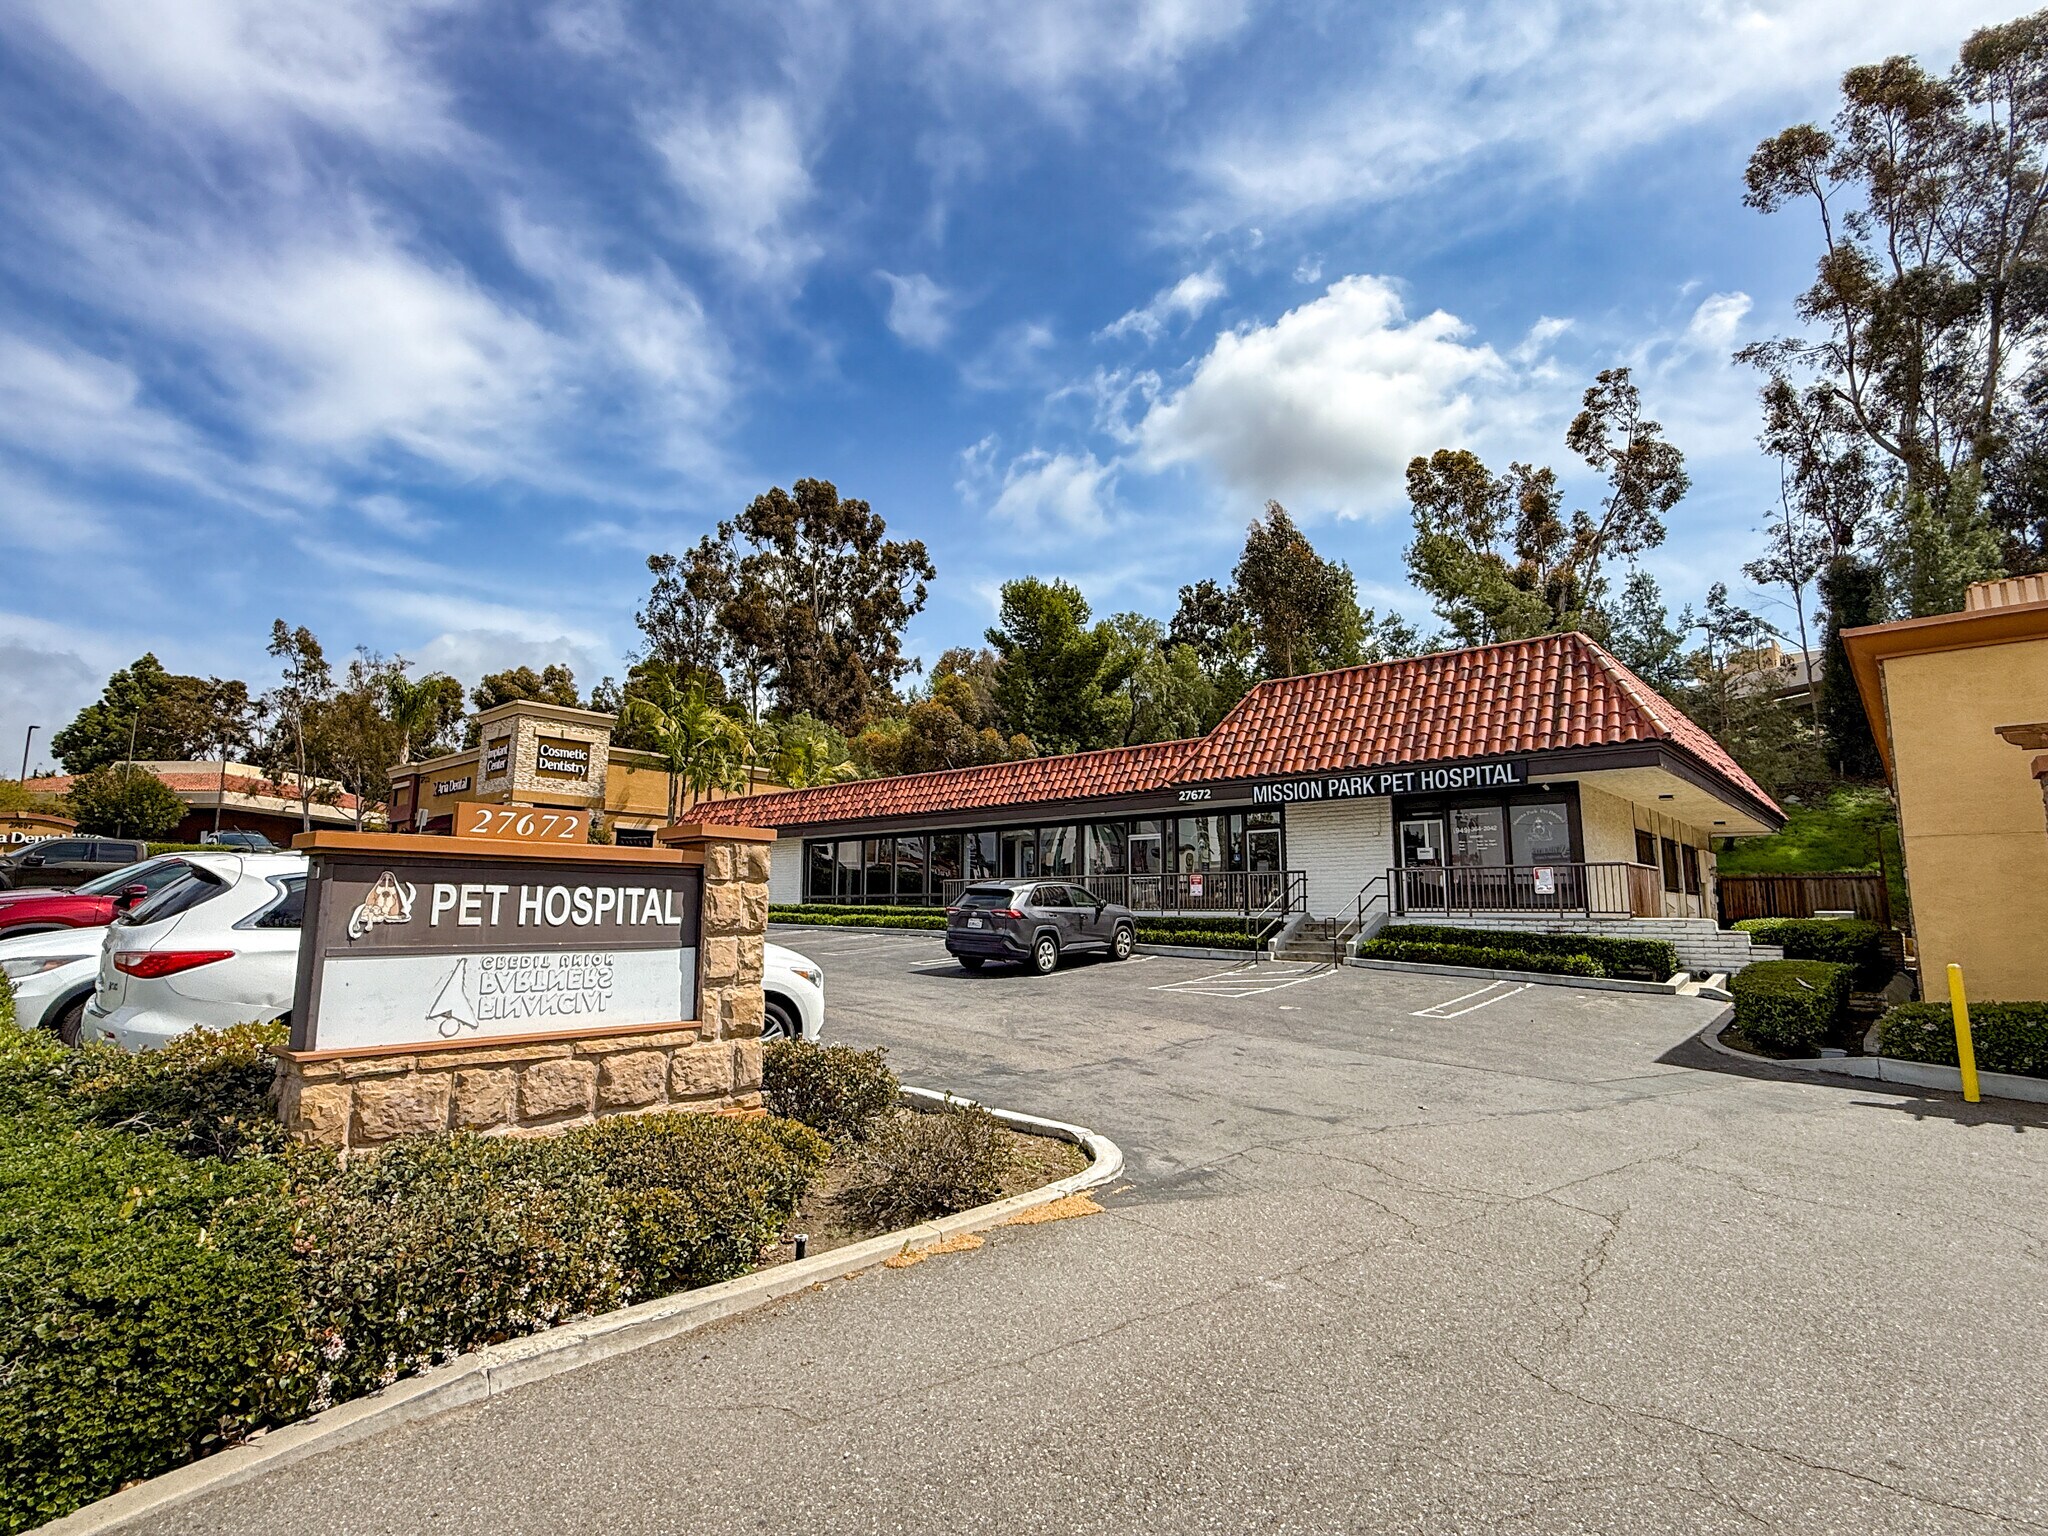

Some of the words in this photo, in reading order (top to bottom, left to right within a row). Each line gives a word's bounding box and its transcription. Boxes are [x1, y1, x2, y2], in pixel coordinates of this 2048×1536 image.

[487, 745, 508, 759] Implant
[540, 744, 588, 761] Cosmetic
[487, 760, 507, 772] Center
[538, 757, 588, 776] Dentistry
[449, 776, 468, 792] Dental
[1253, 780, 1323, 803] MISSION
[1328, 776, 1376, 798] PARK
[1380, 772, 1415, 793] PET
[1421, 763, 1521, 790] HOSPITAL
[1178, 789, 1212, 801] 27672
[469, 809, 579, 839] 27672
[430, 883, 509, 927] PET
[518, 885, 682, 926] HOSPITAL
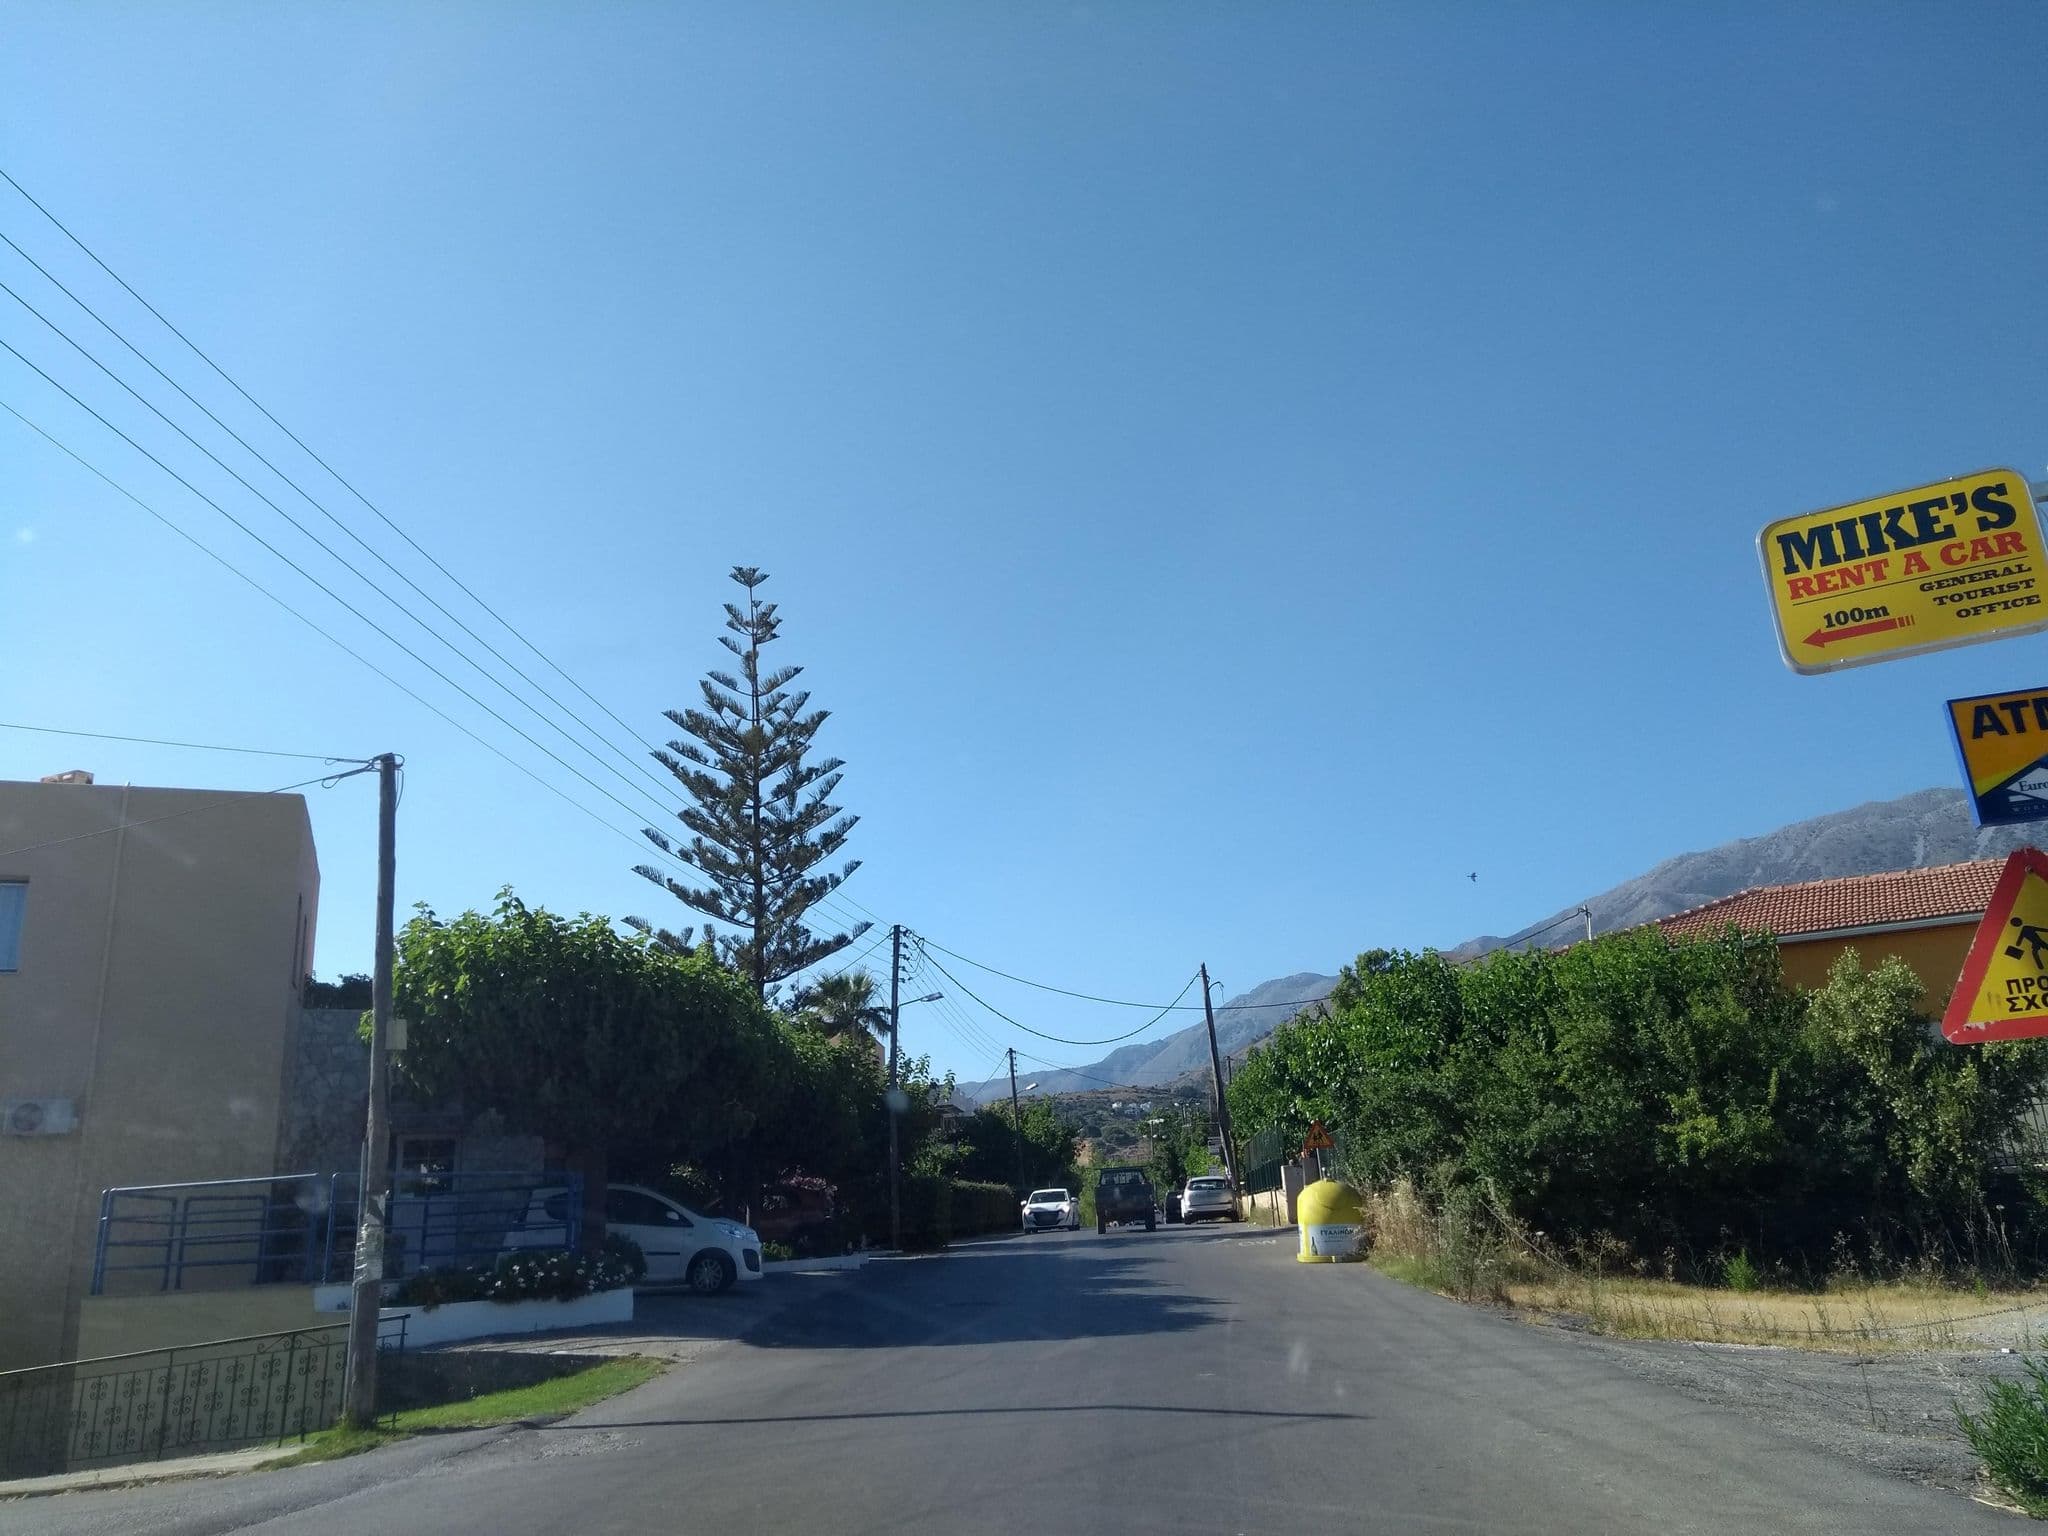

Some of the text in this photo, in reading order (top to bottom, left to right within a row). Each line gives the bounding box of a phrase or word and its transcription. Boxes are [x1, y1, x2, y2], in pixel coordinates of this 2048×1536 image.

====================

__Task objective__. All of the listing should be transcribed exactly, but none of its images.

__Response below__.
Some of the words in this photo, in reading order (top to bottom, left to right within a row). Each line gives a word's bounding box and its transcription. Boxes are [x1, y1, x2, y2], in pixel coordinates of this 2048×1536 image.

[487, 745, 508, 759] Implant
[540, 744, 588, 761] Cosmetic
[487, 760, 507, 772] Center
[538, 757, 588, 776] Dentistry
[449, 776, 468, 792] Dental
[1253, 780, 1323, 803] MISSION
[1328, 776, 1376, 798] PARK
[1380, 772, 1415, 793] PET
[1421, 763, 1521, 790] HOSPITAL
[1178, 789, 1212, 801] 27672
[469, 809, 579, 839] 27672
[430, 883, 509, 927] PET
[518, 885, 682, 926] HOSPITAL

Some of the text in this photo, in reading order (top to bottom, left to right within a row). Each line gives the bounding box of a phrase or word and its transcription. Boxes are [x1, y1, x2, y2], in pixel coordinates of this 2048×1536 image.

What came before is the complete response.